#### Action item
Restate all of the data precisely, omitting nothing.

Text-to-region grounding data:

╔══

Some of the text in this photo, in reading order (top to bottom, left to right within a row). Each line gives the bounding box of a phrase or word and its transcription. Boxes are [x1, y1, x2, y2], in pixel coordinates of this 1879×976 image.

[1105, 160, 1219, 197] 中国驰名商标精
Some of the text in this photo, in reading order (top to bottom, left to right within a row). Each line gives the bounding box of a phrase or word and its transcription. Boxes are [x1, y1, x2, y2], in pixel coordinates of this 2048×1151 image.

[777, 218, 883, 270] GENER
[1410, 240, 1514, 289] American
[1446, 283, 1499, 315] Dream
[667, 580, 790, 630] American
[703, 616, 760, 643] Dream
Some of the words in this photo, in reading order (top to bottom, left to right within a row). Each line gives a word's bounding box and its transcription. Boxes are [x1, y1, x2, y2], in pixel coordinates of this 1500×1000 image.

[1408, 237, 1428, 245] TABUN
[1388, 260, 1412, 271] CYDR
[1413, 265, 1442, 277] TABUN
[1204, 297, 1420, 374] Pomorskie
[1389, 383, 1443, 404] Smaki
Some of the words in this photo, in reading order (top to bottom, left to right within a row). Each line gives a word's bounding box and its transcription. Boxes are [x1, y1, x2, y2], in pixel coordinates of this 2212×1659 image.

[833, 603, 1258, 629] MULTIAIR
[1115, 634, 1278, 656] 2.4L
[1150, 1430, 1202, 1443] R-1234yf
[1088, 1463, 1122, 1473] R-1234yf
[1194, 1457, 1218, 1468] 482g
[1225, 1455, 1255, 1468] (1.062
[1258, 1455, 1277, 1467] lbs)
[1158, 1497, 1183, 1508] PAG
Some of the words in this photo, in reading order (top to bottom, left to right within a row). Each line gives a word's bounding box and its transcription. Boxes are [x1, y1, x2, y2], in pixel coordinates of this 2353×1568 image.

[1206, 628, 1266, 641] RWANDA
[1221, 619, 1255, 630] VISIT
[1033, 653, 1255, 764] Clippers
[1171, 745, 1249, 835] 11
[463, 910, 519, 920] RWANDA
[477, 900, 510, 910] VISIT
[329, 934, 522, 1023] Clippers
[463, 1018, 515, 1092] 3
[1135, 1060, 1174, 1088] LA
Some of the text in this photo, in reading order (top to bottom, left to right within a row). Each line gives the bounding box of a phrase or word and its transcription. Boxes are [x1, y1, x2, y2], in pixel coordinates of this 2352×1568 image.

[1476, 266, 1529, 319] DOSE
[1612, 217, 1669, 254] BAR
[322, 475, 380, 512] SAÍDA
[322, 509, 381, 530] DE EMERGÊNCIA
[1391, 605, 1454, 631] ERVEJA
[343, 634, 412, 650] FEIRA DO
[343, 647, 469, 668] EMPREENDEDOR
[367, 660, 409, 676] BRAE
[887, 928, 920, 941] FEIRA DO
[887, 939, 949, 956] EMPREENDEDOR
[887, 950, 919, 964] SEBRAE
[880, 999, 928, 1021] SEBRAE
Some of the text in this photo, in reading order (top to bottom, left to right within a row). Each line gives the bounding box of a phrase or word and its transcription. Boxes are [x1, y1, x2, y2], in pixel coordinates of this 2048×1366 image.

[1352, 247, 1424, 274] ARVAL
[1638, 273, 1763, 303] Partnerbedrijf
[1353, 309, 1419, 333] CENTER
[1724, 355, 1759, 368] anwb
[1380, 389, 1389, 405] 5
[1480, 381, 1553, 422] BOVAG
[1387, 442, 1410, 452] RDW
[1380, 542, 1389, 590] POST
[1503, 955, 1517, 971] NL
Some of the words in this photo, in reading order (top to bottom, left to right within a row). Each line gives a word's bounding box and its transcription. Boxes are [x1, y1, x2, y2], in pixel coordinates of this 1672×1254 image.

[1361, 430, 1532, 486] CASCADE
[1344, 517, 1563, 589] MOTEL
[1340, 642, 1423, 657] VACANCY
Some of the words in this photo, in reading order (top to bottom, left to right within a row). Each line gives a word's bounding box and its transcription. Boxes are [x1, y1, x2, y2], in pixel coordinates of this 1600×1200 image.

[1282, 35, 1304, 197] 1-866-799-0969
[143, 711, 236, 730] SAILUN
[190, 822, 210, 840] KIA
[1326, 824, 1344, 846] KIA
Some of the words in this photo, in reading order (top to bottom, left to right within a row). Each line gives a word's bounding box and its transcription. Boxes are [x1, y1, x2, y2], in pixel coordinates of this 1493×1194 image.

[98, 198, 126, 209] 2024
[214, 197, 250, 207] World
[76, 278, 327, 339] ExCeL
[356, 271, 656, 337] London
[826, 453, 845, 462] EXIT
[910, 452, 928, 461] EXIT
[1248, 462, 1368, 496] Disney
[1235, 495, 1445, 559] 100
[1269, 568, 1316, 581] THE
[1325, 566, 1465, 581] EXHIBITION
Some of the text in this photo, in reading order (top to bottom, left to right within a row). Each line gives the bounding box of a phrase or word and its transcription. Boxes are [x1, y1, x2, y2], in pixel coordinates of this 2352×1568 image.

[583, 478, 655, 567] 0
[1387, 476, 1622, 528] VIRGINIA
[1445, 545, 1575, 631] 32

╚══

#### Solved problem
Some of the text in this photo, in reading order (top to bottom, left to right within a row). Each line gives the bounding box of a phrase or word and its transcription. Boxes are [x1, y1, x2, y2], in pixel coordinates of this 1879×976 image.

[1105, 160, 1219, 197] 中国驰名商标精
Some of the text in this photo, in reading order (top to bottom, left to right within a row). Each line gives the bounding box of a phrase or word and its transcription. Boxes are [x1, y1, x2, y2], in pixel coordinates of this 2048×1151 image.

[777, 218, 883, 270] GENER
[1410, 240, 1514, 289] American
[1446, 283, 1499, 315] Dream
[667, 580, 790, 630] American
[703, 616, 760, 643] Dream
Some of the words in this photo, in reading order (top to bottom, left to right within a row). Each line gives a word's bounding box and its transcription. Boxes are [x1, y1, x2, y2], in pixel coordinates of this 1500×1000 image.

[1408, 237, 1428, 245] TABUN
[1388, 260, 1412, 271] CYDR
[1413, 265, 1442, 277] TABUN
[1204, 297, 1420, 374] Pomorskie
[1389, 383, 1443, 404] Smaki
Some of the words in this photo, in reading order (top to bottom, left to right within a row). Each line gives a word's bounding box and its transcription. Boxes are [x1, y1, x2, y2], in pixel coordinates of this 2212×1659 image.

[833, 603, 1258, 629] MULTIAIR
[1115, 634, 1278, 656] 2.4L
[1150, 1430, 1202, 1443] R-1234yf
[1088, 1463, 1122, 1473] R-1234yf
[1194, 1457, 1218, 1468] 482g
[1225, 1455, 1255, 1468] (1.062
[1258, 1455, 1277, 1467] lbs)
[1158, 1497, 1183, 1508] PAG
Some of the words in this photo, in reading order (top to bottom, left to right within a row). Each line gives a word's bounding box and its transcription. Boxes are [x1, y1, x2, y2], in pixel coordinates of this 2353×1568 image.

[1206, 628, 1266, 641] RWANDA
[1221, 619, 1255, 630] VISIT
[1033, 653, 1255, 764] Clippers
[1171, 745, 1249, 835] 11
[463, 910, 519, 920] RWANDA
[477, 900, 510, 910] VISIT
[329, 934, 522, 1023] Clippers
[463, 1018, 515, 1092] 3
[1135, 1060, 1174, 1088] LA
Some of the text in this photo, in reading order (top to bottom, left to right within a row). Each line gives the bounding box of a phrase or word and its transcription. Boxes are [x1, y1, x2, y2], in pixel coordinates of this 2352×1568 image.

[1476, 266, 1529, 319] DOSE
[1612, 217, 1669, 254] BAR
[322, 475, 380, 512] SAÍDA
[322, 509, 381, 530] DE EMERGÊNCIA
[1391, 605, 1454, 631] ERVEJA
[343, 634, 412, 650] FEIRA DO
[343, 647, 469, 668] EMPREENDEDOR
[367, 660, 409, 676] BRAE
[887, 928, 920, 941] FEIRA DO
[887, 939, 949, 956] EMPREENDEDOR
[887, 950, 919, 964] SEBRAE
[880, 999, 928, 1021] SEBRAE
Some of the text in this photo, in reading order (top to bottom, left to right within a row). Each line gives the bounding box of a phrase or word and its transcription. Boxes are [x1, y1, x2, y2], in pixel coordinates of this 2048×1366 image.

[1352, 247, 1424, 274] ARVAL
[1638, 273, 1763, 303] Partnerbedrijf
[1353, 309, 1419, 333] CENTER
[1724, 355, 1759, 368] anwb
[1380, 389, 1389, 405] 5
[1480, 381, 1553, 422] BOVAG
[1387, 442, 1410, 452] RDW
[1380, 542, 1389, 590] POST
[1503, 955, 1517, 971] NL
Some of the words in this photo, in reading order (top to bottom, left to right within a row). Each line gives a word's bounding box and its transcription. Boxes are [x1, y1, x2, y2], in pixel coordinates of this 1672×1254 image.

[1361, 430, 1532, 486] CASCADE
[1344, 517, 1563, 589] MOTEL
[1340, 642, 1423, 657] VACANCY
Some of the words in this photo, in reading order (top to bottom, left to right within a row). Each line gives a word's bounding box and its transcription. Boxes are [x1, y1, x2, y2], in pixel coordinates of this 1600×1200 image.

[1282, 35, 1304, 197] 1-866-799-0969
[143, 711, 236, 730] SAILUN
[190, 822, 210, 840] KIA
[1326, 824, 1344, 846] KIA
Some of the words in this photo, in reading order (top to bottom, left to right within a row). Each line gives a word's bounding box and its transcription. Boxes are [x1, y1, x2, y2], in pixel coordinates of this 1493×1194 image.

[98, 198, 126, 209] 2024
[214, 197, 250, 207] World
[76, 278, 327, 339] ExCeL
[356, 271, 656, 337] London
[826, 453, 845, 462] EXIT
[910, 452, 928, 461] EXIT
[1248, 462, 1368, 496] Disney
[1235, 495, 1445, 559] 100
[1269, 568, 1316, 581] THE
[1325, 566, 1465, 581] EXHIBITION
Some of the text in this photo, in reading order (top to bottom, left to right within a row). Each line gives the bounding box of a phrase or word and its transcription. Boxes are [x1, y1, x2, y2], in pixel coordinates of this 2352×1568 image.

[583, 478, 655, 567] 0
[1387, 476, 1622, 528] VIRGINIA
[1445, 545, 1575, 631] 32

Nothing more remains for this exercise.